文摘Aim: To report a case of acyanotic Taussig-Bing heart, anatomically consistent with L-transposition and rheumatic Left AV valve regurgitation associated with complete AV block in an adolescent male. Introduction: Taussig-Bing heart is one of the conotruncal malformation, characterized by double-outlet right ventricle (DORV) and a subpulmonary VSD. Embryologically, abnormal cardiac looping with malalignment of conotruncal septum result its complexity and great artery relationships. Case Report: A 14-year old acyanotic boy presented with severe left-sided AV valve regurgitation and bradycardia. ECG revealed left sided morphologic right ventricular hypertrophy (RVH) as evidenced by a loss of septal Q waves in left precordial leads suggesting ventricular inversion. X-ray chest revealed a straight upper right cardiac border due to loss of normal relationship of great vessels and cardiomegaly due to both left atrial and morphologic right ventricular enlargements suggesting a left-sided regurgitant lesion. Echocardiography revealed the ventricular inversion, primary origin of both L-transposed great arteries from the left-sided morphologic right ventricle suggesting a “double-outlet morphologic right ventricle” with “double discordance” and a subpulmonary VSD of Taussig-Bing type.
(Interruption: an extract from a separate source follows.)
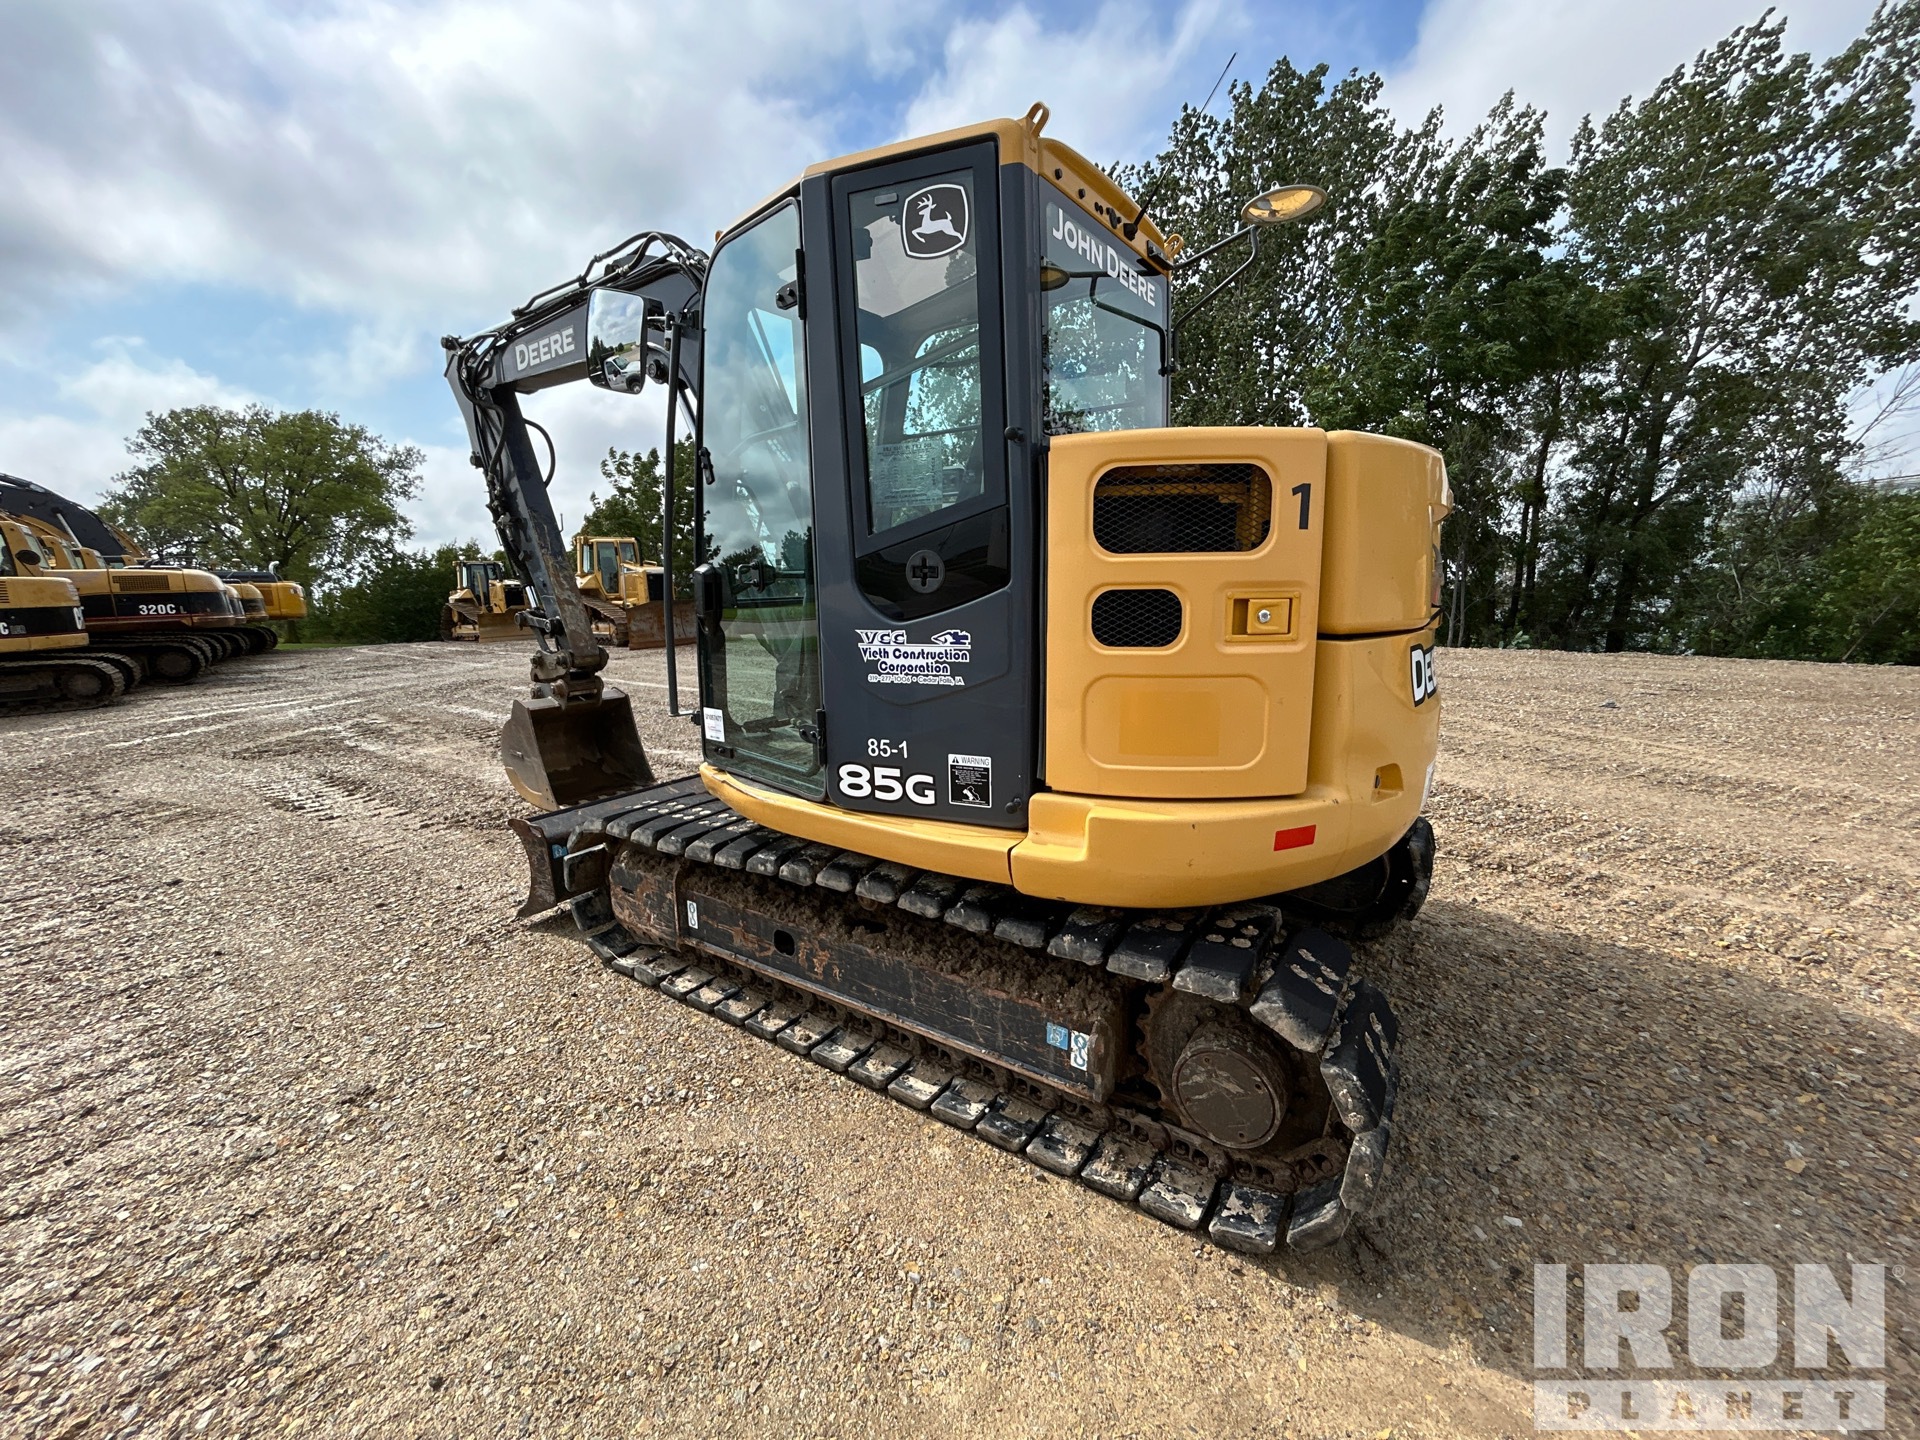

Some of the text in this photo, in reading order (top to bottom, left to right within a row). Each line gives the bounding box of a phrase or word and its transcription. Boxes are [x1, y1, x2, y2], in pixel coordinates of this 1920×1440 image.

The left-sided morphologic tricuspid valve is severely regurgitant due to rheumatic process resulting in heart failure which was improved with anti-failure measures and penicillin prophylaxis. Conclusion: The presence of left-sided regurgitation associated with bradycardia is a suspicion of “double discordance” and “double switch” procedure remains the mainstay of its surgical correction. Left AV valve replacement with intraventricular repair is preferred in this child since the malformation is consistent with Taussing-Bing type of DORV with L-transposition.